> [Task objective]:
Could you print every record exactly as it stands?

[Records from a dataset]
────────────────

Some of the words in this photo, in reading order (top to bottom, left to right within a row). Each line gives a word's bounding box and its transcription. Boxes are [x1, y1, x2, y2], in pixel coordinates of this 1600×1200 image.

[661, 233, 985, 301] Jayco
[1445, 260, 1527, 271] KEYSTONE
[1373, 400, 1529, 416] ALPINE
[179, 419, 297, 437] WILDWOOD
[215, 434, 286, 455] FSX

────────────────

> [Task answer]:
Some of the words in this photo, in reading order (top to bottom, left to right within a row). Each line gives a word's bounding box and its transcription. Boxes are [x1, y1, x2, y2], in pixel coordinates of this 1600×1200 image.

[661, 233, 985, 301] Jayco
[1445, 260, 1527, 271] KEYSTONE
[1373, 400, 1529, 416] ALPINE
[179, 419, 297, 437] WILDWOOD
[215, 434, 286, 455] FSX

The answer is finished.